A ban on import of CNG cylinders in Pakistan combined with the economic sanctions on Iran is taking a toll on the Indian CNG industry with exports from five manufacturers declining sharply from R84.15 crore in 2010-11 to less than R40 crore in 2012-13.

India has six CNG manufacturing units of which five are present in the Kandla SEZ and almost 90% of Indian CNG cylinders are exported to Pakistan and Iran, which has virtually stopped now.

?Unfavourable external factors, which are beyond the industry’s control, have resulted in a decline in the exports of CNG cylinders that are mostly used in cars,? an official from Lizer Cylinders said.

The total investment of CNG cylinder manufacturing units in the Kandla SEZ is close to R400 crore, with the highest by Everest Kanto at R150 crore. In fact, the total number of people employed in the five units has seen a sharp decline from 1,055 in 2010-11 to 632 now due to subdued business.
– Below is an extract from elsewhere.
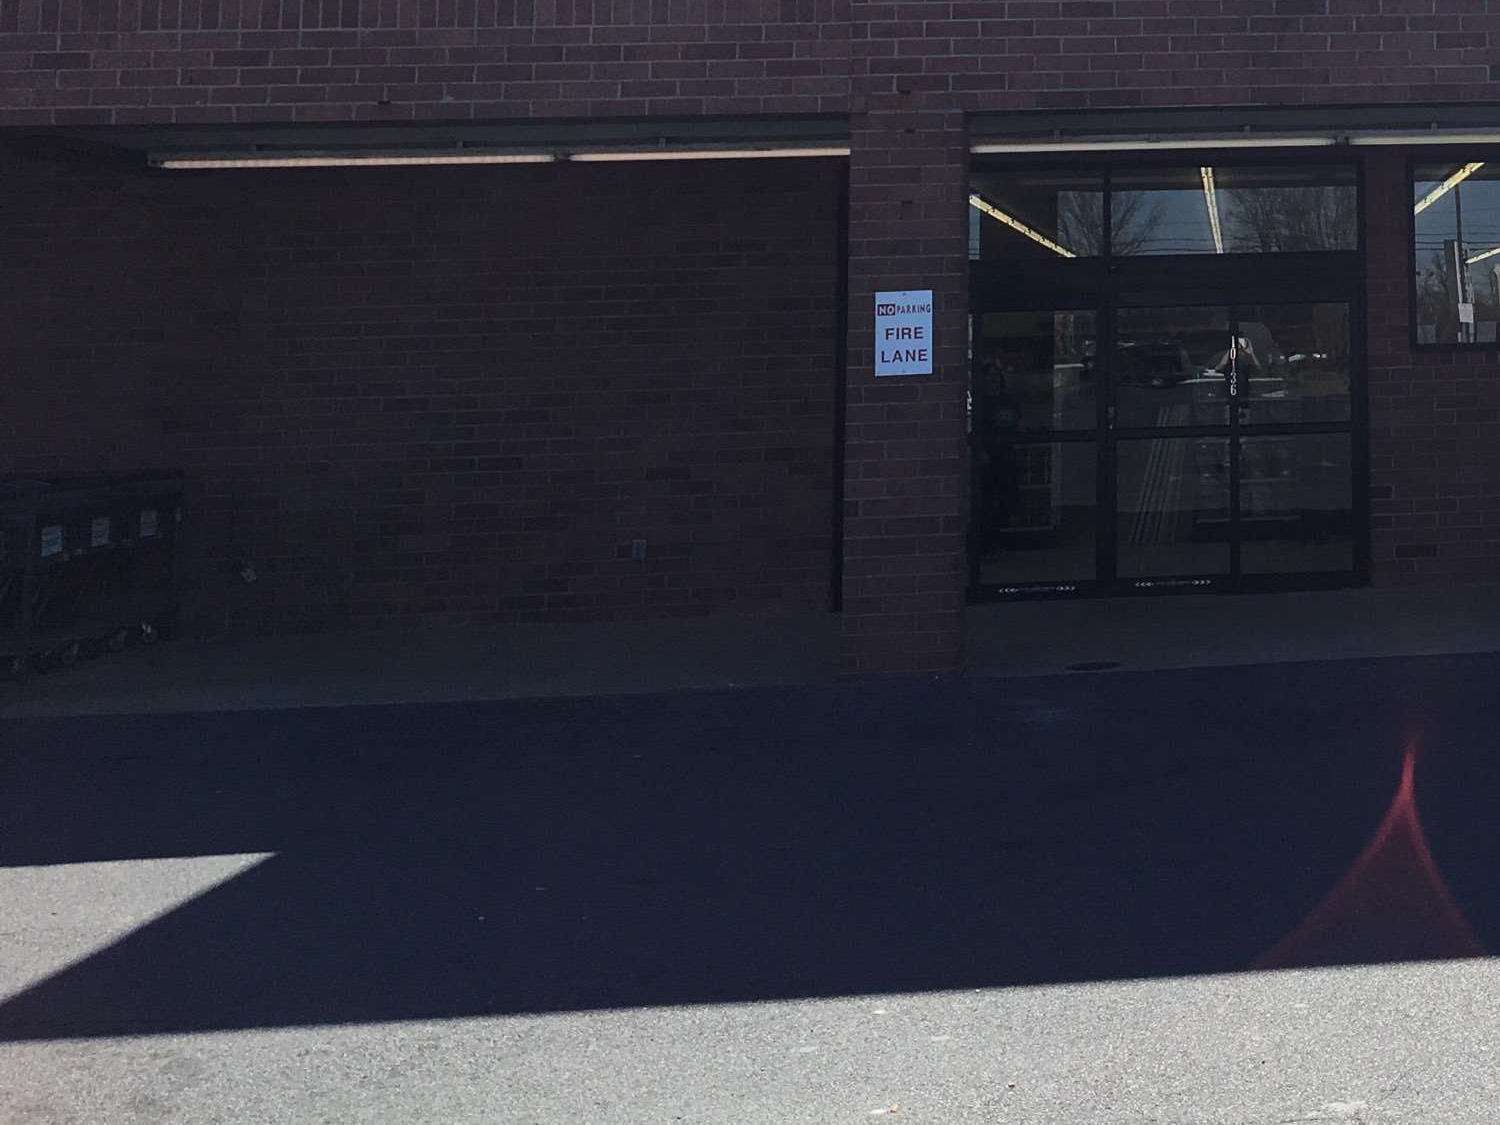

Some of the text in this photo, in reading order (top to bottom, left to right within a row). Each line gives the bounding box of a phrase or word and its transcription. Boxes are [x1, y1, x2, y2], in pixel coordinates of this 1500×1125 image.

[878, 304, 931, 315] NO PARKING
[885, 326, 924, 340] FIRE
[881, 349, 928, 363] LANE
The drop assumes importance as Iran’s auto industry is its second-largest after petrochemicals and depends on its vast overseas procurement network of global car and auto components manufacturers. Severe banking sanctions imposed by the US and European Union resulted in global auto components manufactures to withdraw their cooperation for supplying auto parts to Iran.
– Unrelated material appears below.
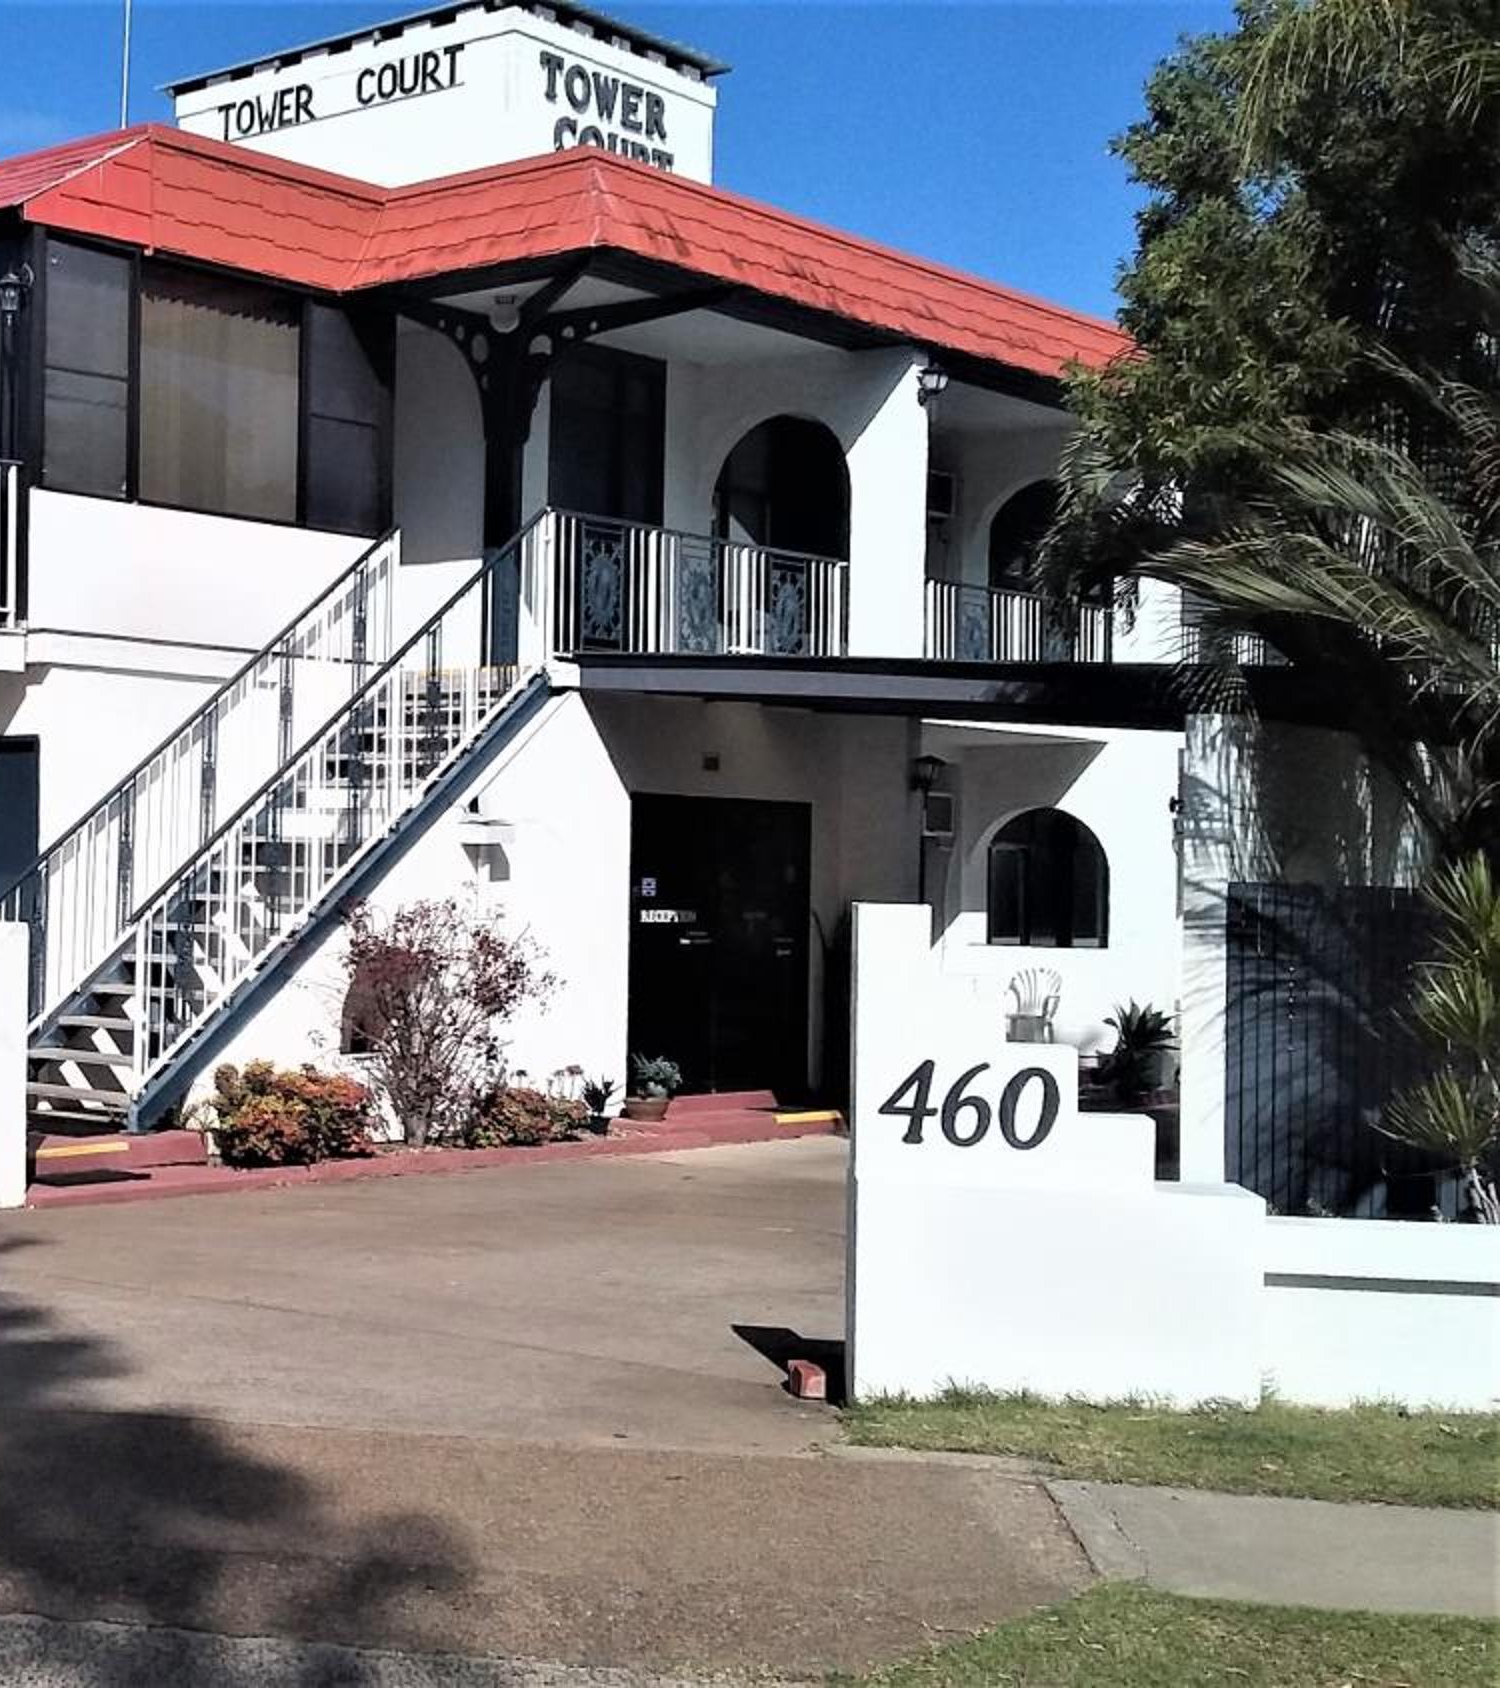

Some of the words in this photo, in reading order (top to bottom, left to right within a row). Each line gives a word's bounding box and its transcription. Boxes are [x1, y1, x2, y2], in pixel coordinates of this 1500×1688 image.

[218, 83, 316, 141] TOWER
[357, 43, 465, 104] COURT
[540, 50, 667, 142] TOWER
[878, 1059, 1060, 1150] 460
?This non-availability of components has affected the Iranian auto industry, which inturn led to a decline in vehicle production and sale. Due to the havoc in the automative production in Iran, supplies of CNG cylinders from India to Iran became close to zero,? the company official added.
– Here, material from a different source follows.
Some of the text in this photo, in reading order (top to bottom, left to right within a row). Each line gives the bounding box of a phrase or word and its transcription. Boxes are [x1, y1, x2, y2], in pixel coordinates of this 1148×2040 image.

This crisis had forced production units to work at 30% capacity leading to reduction of workforce and rising unemployment.

Recently, a group of cylinder makers requested the commerce ministry to reduce tax on imports of raw material. They also requested the ministry to extend the timeframe from five to 10 years for units located in special economic zones to earn net foreign exchange. However, a commerce ministry official said that the rupee payment mechanism with Iran is fully operational and CNG firms should make use of that.